Is a Reverse Mortgage Right for You?
Whether a reverse mortgage is right for you depends on your specific financial situation and goals. Here are some questions to ask yourself to determine if a reverse mortgage is right for you:
1. Do you own a home with a minimum value of $100,000?
2. Are you at least 55 years old?
3. Do you need to access the equity in your home to improve your monthly cash flow or pay for expenses?
4. Do you want to preserve other investments, such as RRSPs or TFSAs, for future use?
5. Are you comfortable with the costs and risks associated with a reverse mortgage?
If you answered yes to these questions, a reverse mortgage may be a good option for you.
Wondering how much you could get from a reverse mortgage?
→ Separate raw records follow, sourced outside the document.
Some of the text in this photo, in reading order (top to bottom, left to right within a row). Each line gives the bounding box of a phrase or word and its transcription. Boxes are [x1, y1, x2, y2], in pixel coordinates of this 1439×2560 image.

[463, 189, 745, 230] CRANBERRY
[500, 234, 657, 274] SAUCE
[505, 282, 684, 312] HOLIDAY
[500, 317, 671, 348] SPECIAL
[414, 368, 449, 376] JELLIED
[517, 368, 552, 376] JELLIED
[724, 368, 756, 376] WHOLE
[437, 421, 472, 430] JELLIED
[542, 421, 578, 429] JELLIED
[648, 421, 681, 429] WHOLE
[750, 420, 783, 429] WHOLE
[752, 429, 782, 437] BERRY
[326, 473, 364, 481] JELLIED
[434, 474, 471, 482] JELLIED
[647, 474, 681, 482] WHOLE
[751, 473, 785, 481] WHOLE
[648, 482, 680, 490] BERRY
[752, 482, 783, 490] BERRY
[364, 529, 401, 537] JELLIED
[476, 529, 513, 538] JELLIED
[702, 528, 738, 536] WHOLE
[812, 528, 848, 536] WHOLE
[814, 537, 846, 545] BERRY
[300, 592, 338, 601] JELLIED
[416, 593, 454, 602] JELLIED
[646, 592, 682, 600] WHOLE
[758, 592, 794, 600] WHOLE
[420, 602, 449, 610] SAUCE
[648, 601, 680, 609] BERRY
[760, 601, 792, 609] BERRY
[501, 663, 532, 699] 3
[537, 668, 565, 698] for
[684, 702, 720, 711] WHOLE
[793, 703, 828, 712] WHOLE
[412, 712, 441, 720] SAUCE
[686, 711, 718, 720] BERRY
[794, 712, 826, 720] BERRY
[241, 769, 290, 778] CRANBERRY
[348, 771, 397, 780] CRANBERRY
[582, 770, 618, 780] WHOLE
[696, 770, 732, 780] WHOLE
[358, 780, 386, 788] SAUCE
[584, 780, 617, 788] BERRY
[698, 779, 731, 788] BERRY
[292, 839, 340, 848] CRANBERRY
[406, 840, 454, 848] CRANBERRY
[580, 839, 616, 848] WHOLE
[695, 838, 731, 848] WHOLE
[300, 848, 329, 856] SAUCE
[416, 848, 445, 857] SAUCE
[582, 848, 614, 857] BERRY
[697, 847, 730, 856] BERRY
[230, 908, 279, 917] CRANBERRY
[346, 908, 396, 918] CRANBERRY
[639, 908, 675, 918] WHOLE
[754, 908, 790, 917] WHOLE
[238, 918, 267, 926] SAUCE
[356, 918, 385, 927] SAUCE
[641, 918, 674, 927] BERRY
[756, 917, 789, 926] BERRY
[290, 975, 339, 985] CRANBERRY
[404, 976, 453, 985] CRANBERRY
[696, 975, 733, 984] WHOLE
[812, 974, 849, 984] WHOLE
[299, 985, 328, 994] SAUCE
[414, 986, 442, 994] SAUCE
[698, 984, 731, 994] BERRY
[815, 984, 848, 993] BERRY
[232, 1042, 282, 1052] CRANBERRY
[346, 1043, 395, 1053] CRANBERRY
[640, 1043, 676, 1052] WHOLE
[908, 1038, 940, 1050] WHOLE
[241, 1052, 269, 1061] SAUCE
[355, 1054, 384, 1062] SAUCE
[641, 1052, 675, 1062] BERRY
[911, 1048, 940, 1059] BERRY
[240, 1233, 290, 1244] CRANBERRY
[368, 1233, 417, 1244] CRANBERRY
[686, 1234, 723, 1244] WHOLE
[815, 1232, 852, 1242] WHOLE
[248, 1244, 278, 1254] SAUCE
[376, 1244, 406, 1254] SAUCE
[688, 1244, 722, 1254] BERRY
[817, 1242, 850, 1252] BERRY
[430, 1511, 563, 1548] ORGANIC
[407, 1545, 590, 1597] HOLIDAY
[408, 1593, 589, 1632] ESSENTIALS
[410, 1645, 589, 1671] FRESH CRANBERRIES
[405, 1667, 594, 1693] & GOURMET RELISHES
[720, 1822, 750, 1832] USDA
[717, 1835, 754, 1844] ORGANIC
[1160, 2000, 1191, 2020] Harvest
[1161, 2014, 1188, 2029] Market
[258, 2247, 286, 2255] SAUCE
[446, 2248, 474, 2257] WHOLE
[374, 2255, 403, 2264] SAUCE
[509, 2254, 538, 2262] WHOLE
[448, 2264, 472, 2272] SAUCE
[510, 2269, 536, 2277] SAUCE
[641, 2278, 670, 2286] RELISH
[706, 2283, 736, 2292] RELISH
Try our reverse mortgage calculator to get a quick estimate and then reach out to us to learn more about the process.
A reverse mortgage can be a valuable financial product for Canadian seniors who want to access the equity in their home without having to sell or move out.
While there are a number of advantages of getting a reverse mortgage, there are a few disadvantages that you should consider before you make any decisions.
We recommend you contact one of our experts at RetireBetter to help you navigate the process.
By considering the pros and cons of reverse mortgages and asking the right questions, you can determine if a reverse mortgage is right for you and take the first step towards a more comfortable and independent retirement.
Q: What happens if I outlive the loan?
You cannot outlive a reverse mortgage loan in Canada.
Your reverse mortgage will continue for your entire life, so long as you live in and own the home, maintain the property and keep your property taxes current.
Q: Can I get a loan and still leave my home to my heirs?
Yes, you can still leave your home to your heirs.
However, the amount of equity in the home may be reduced by the amount of the reverse mortgage loan if the property value drops significantly over time.
Q: What happens if the value of my home decreases?
If the value of your home decreases, the amount of equity may also decrease.
However, the borrower is not responsible for any shortfall if the loan balance exceeds the value of the home at the time of repayment.